I found this article to be rather interesting. I am currently teaching in the rural village of Minto and have definitely run into circumstances that skirt the boundaries of what the article was discussing. Here in Minto we do not avoid discussing the topic of cultural assimilation in our classes. We don’t pretend that Alaska was never an indigenous area full of subsistence living. In our Alaska History course we cover all aspects of the history of Alaska, from the geographical history, to the history of the native people, and the entrance of Russians and Americans into the territory. We discuss the impact that both the Russians and the Americans had upon the native culture here, and we highlight the importance of culture and how much of it was lost during the initial years of Alaska’s exploitation.
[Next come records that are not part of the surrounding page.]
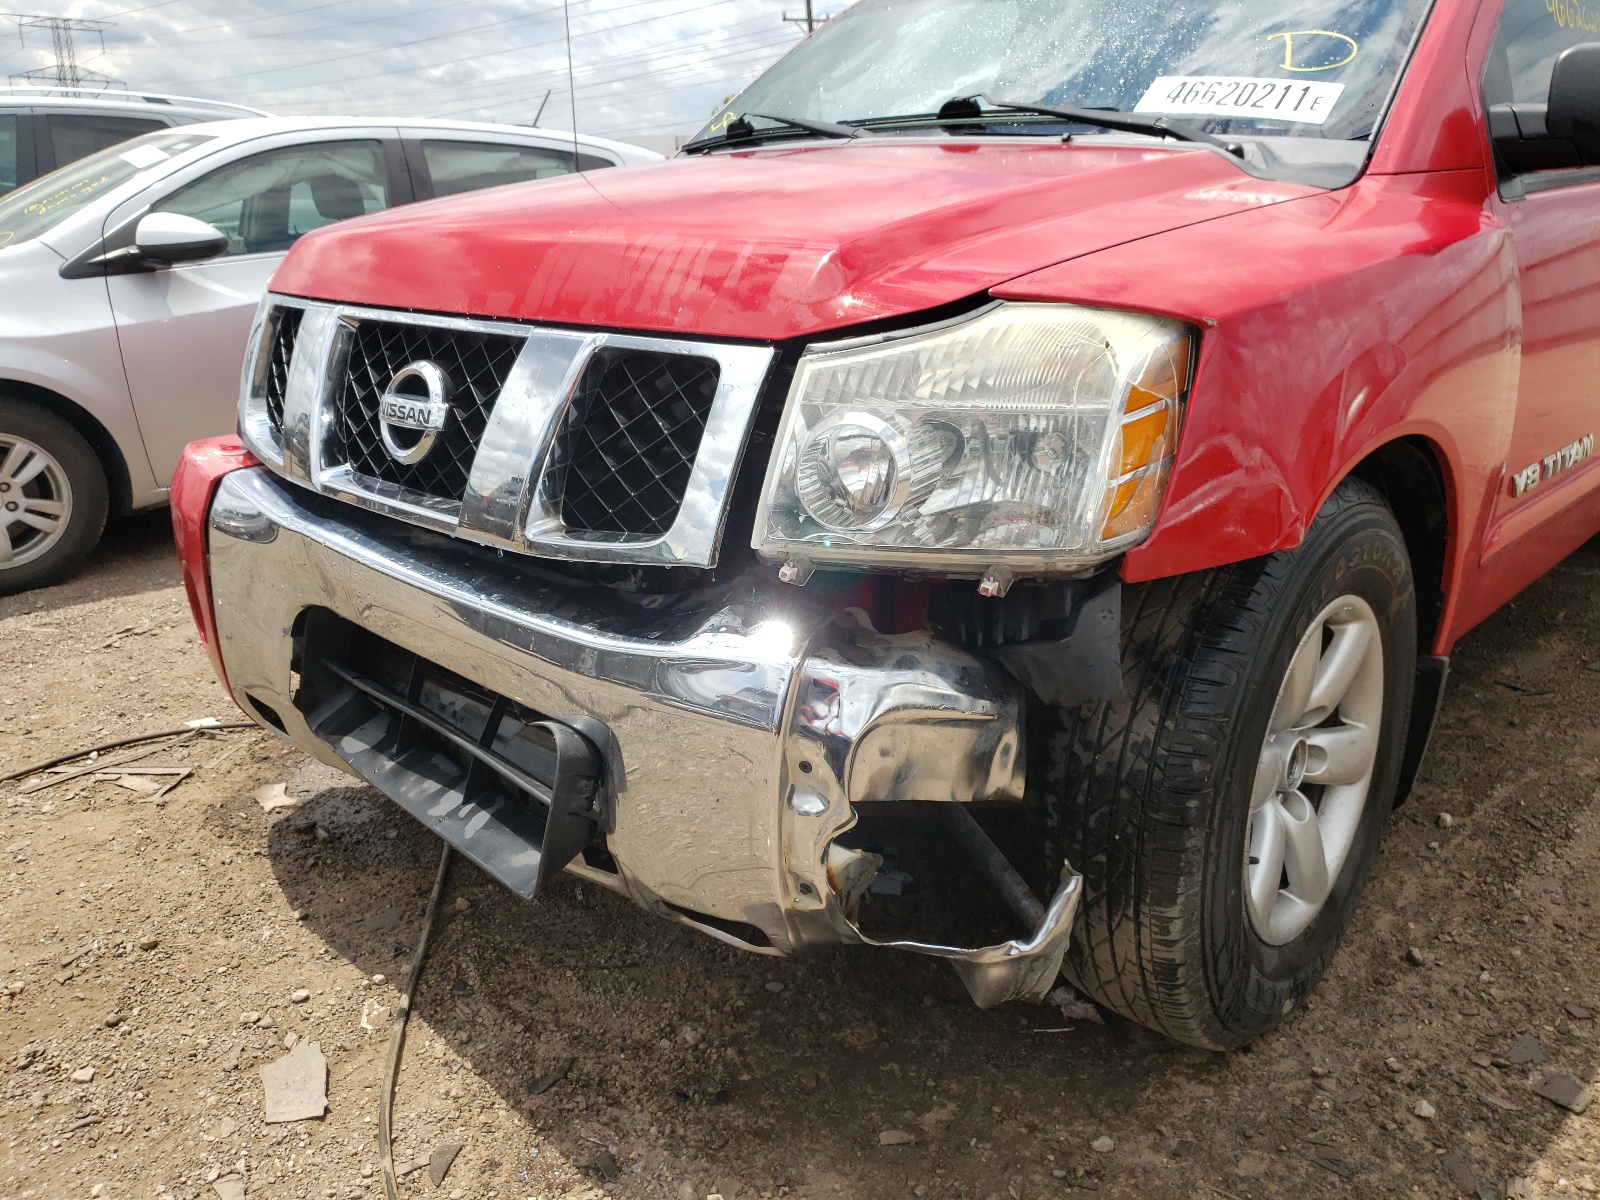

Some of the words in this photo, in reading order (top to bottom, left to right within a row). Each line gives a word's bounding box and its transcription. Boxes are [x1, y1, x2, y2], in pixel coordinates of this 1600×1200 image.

[1266, 30, 1358, 72] D
[1167, 81, 1311, 112] 46620211
[380, 400, 432, 425] NISSAN
[1511, 462, 1540, 498] V8
[1542, 432, 1594, 481] TITAN
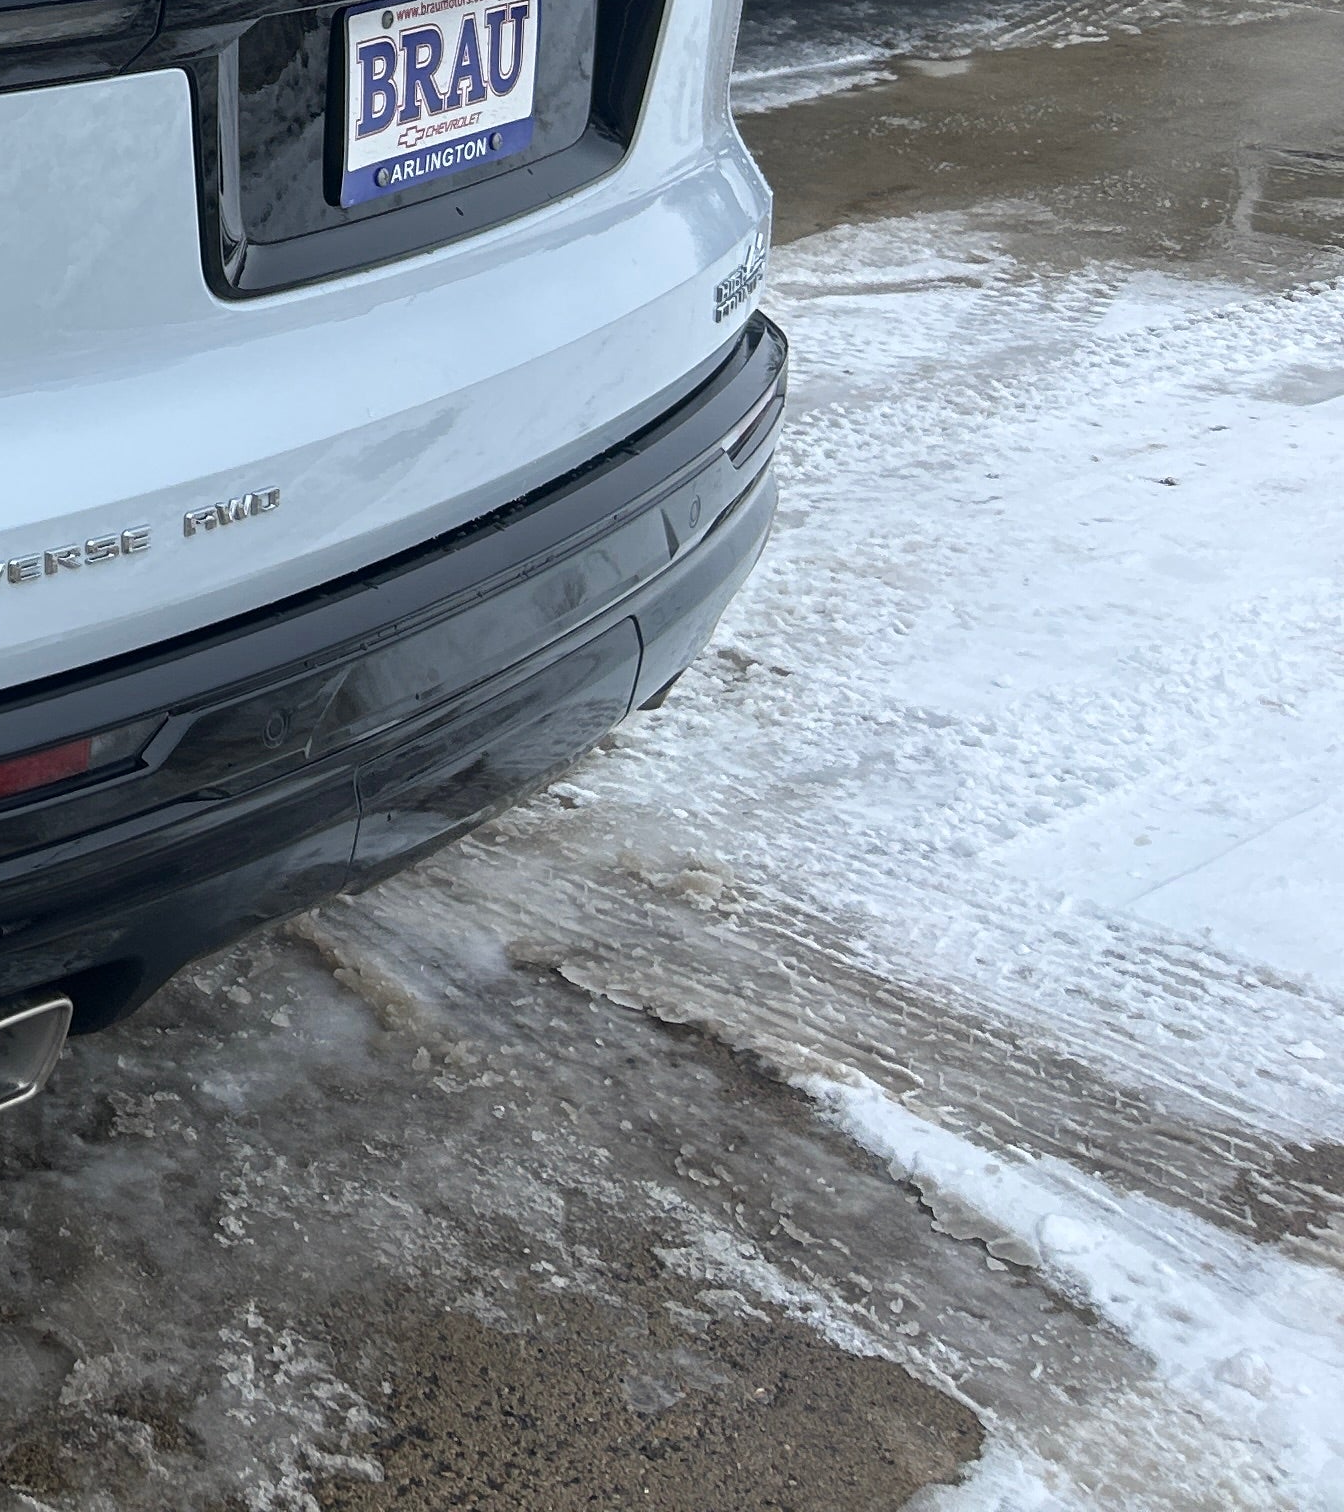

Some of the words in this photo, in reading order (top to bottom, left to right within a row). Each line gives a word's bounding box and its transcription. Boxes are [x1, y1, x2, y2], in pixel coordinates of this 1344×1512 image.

[425, 111, 484, 137] CHEVROLET
[390, 137, 487, 184] ARLINGTON
[183, 485, 280, 537] AWD
One of the ways in which we tread softly and respect the culture out here is by assimilating ourselves into the community. Taking steps to make yourself seen in the community is vital to success out here. I have attended two potlatch events out here thus far and I intend to attend more of these when they come up. They are great opportunities to talk with the elders. Many of the elders out here are well aware of the importance of a good education and are very supportive of our efforts in the school house. They understand that the world we live in today is very different from that of their grandparents. From what I have observed thus far, many of the adults and elders simply want what is best for their children. It is a great privilege for me to be able to teach their children and I definitely take steps to ensure that what I teach the students is culturally relevant to them. I try to find local history and texts to draw upon when ever possible to further their own involvement with the material. My goal with these students is to help them to enjoy the activities of reading and writing so that they can communicate effectively wherever they go in life. I want the natives here to be able to preserve their heritage and their culture. In order for this to happen though, the children here must learn how to preserve that culture. Literature is one of the greatest methods of preservation known to man kind. It is for this reason that I stress the importance of being able to read and write effectively. I would definitely welcome new changes to the education system in Alaska. It would be wonderful to have a curriculum for Alaska history that was designed by the elders of the Native Alaskans. As much as we try to stress the values of the natives here in Minto, the truth is that the students know little of their own culture. I find this to be very tragic. Any efforts to revive this culture are wonderful and have my full support.
There are definitely a lot of fears and stigmas associated with a Caucasian individual teaching in a rural community. I do not let race or ethnicity stand in the way of my place out here, and from what I have seen so far, the community does not let those elements stand in the way either. We all work towards the betterment of the children out here and we do our best to support them and guide them as they transition into adulthood.